No pictures should appear in the copy; otherwise retype the entries exactly.

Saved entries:
----------

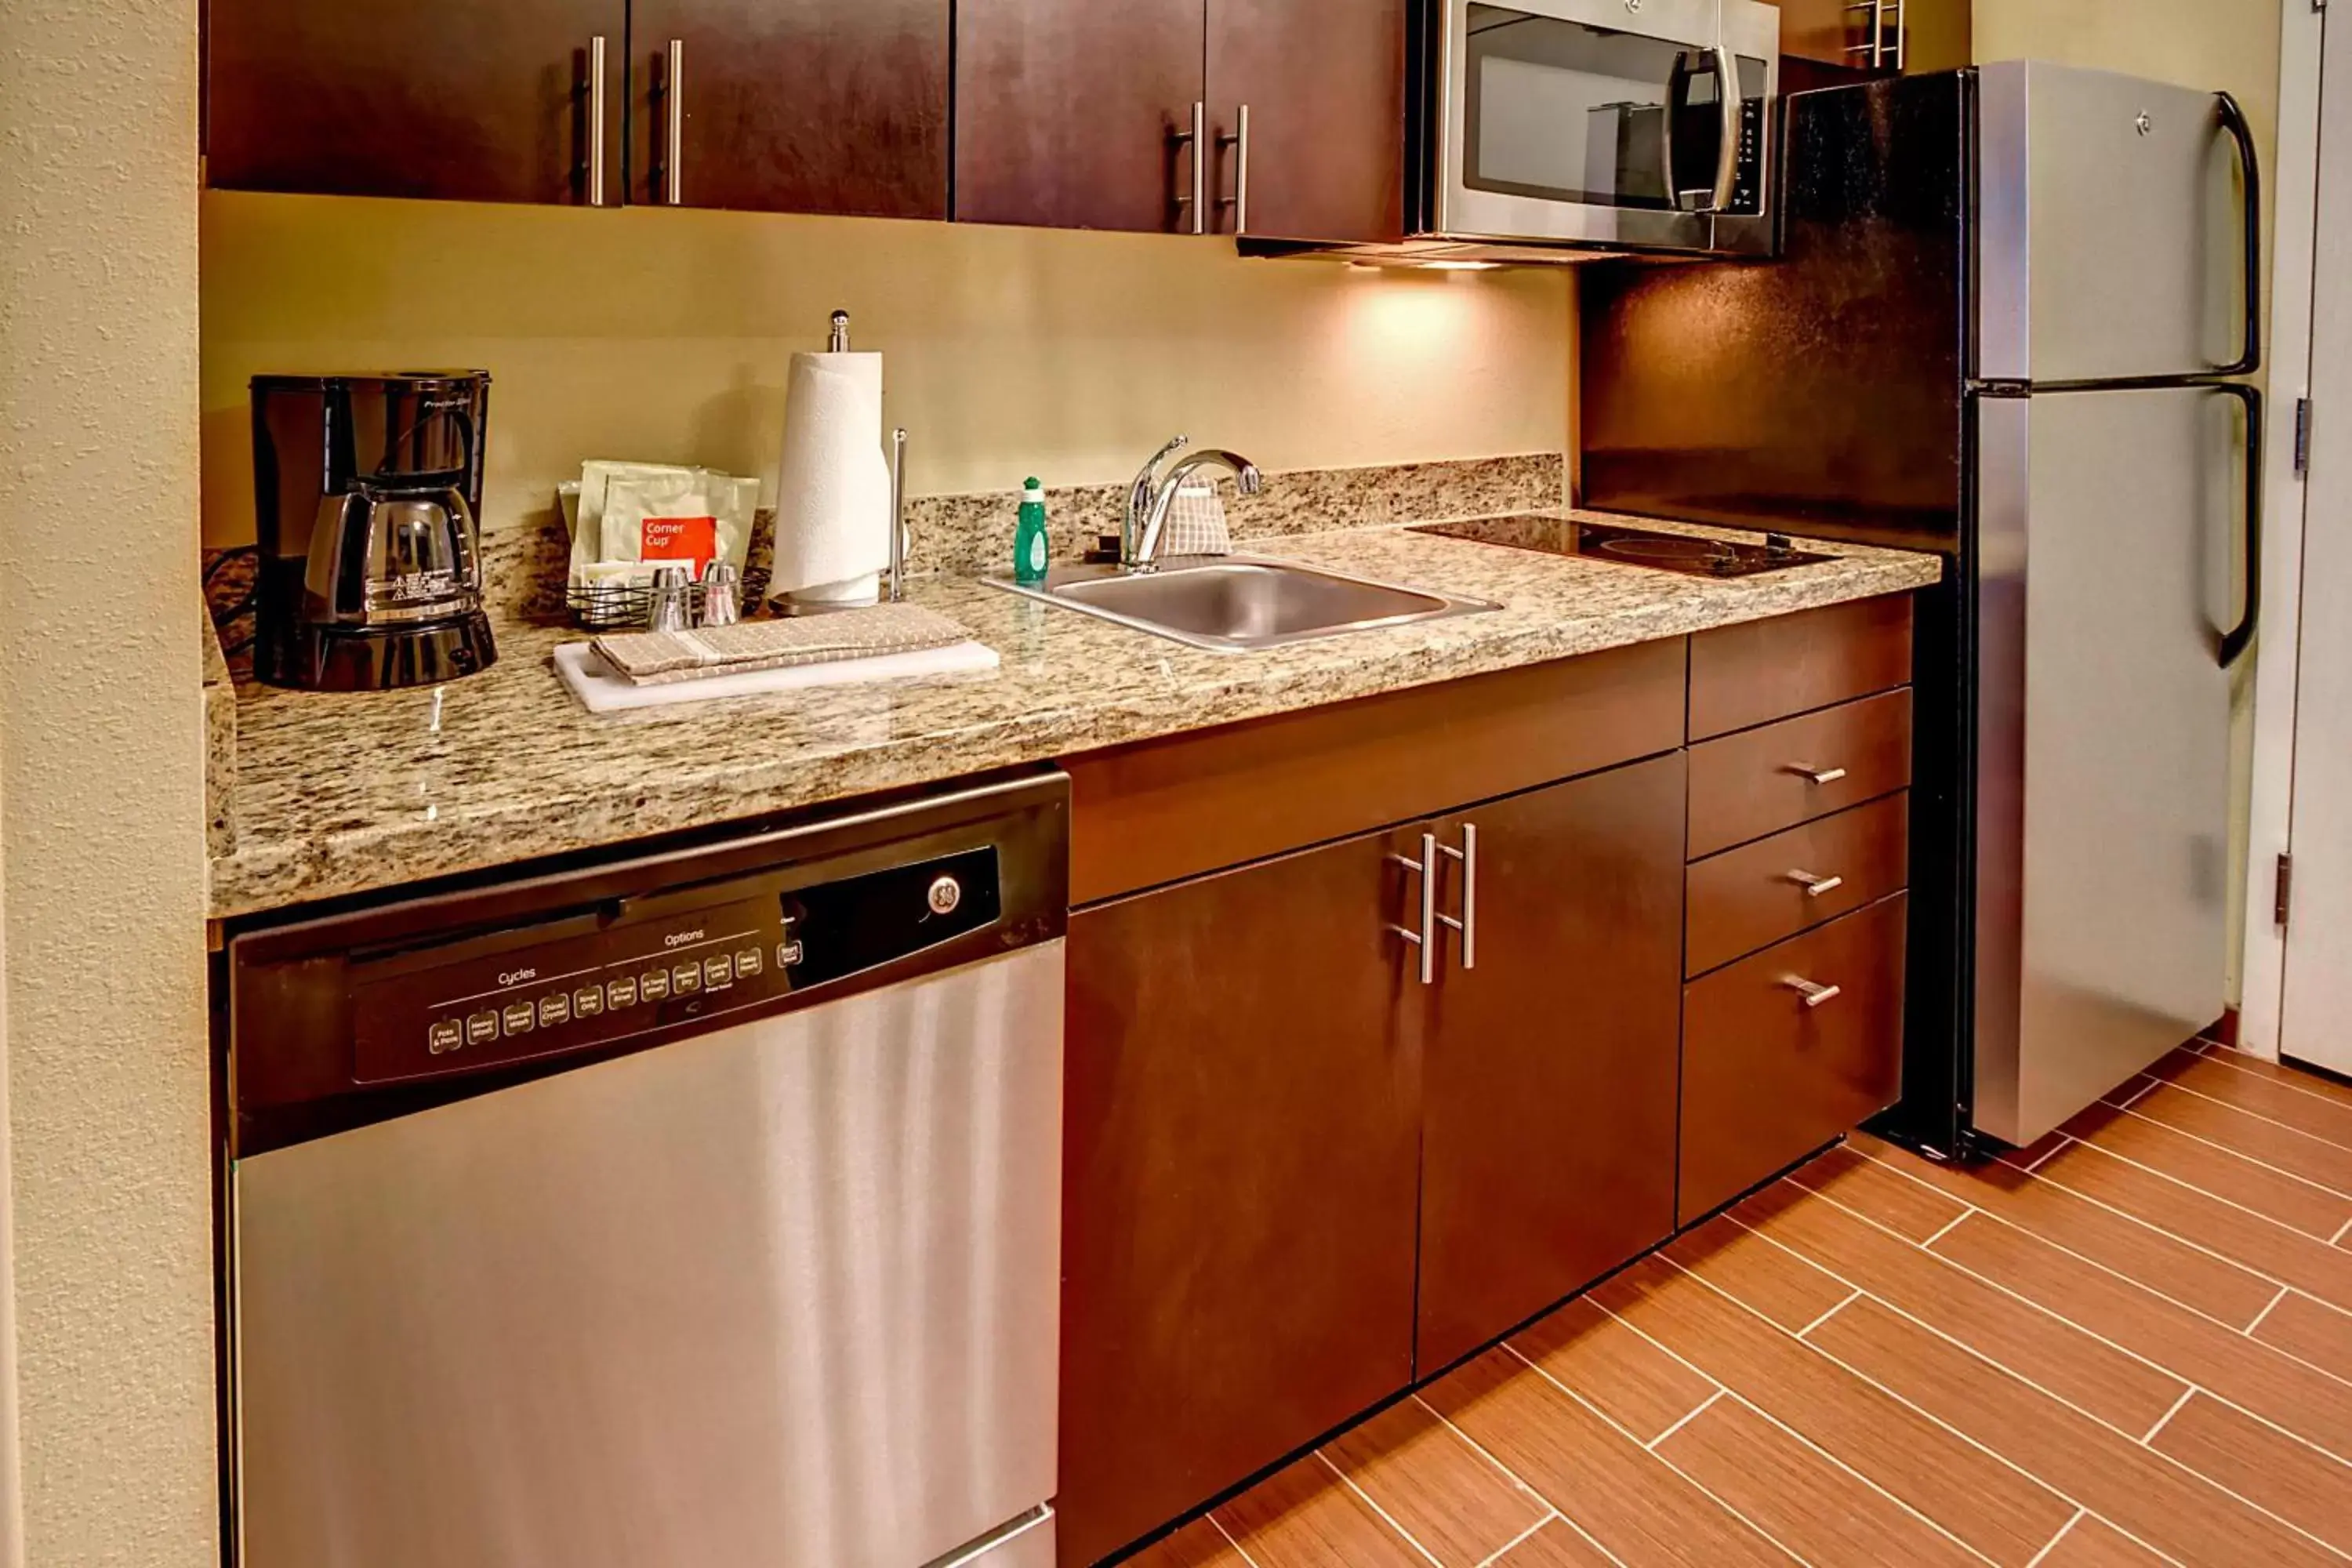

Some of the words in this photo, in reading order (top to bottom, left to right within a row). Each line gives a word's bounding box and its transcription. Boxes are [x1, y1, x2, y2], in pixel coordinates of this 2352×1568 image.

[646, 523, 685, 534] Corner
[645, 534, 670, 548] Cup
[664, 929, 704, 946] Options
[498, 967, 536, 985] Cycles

----------

● **ANSWER BOX**:
Some of the words in this photo, in reading order (top to bottom, left to right within a row). Each line gives a word's bounding box and its transcription. Boxes are [x1, y1, x2, y2], in pixel coordinates of this 2352×1568 image.

[646, 523, 685, 534] Corner
[645, 534, 670, 548] Cup
[664, 929, 704, 946] Options
[498, 967, 536, 985] Cycles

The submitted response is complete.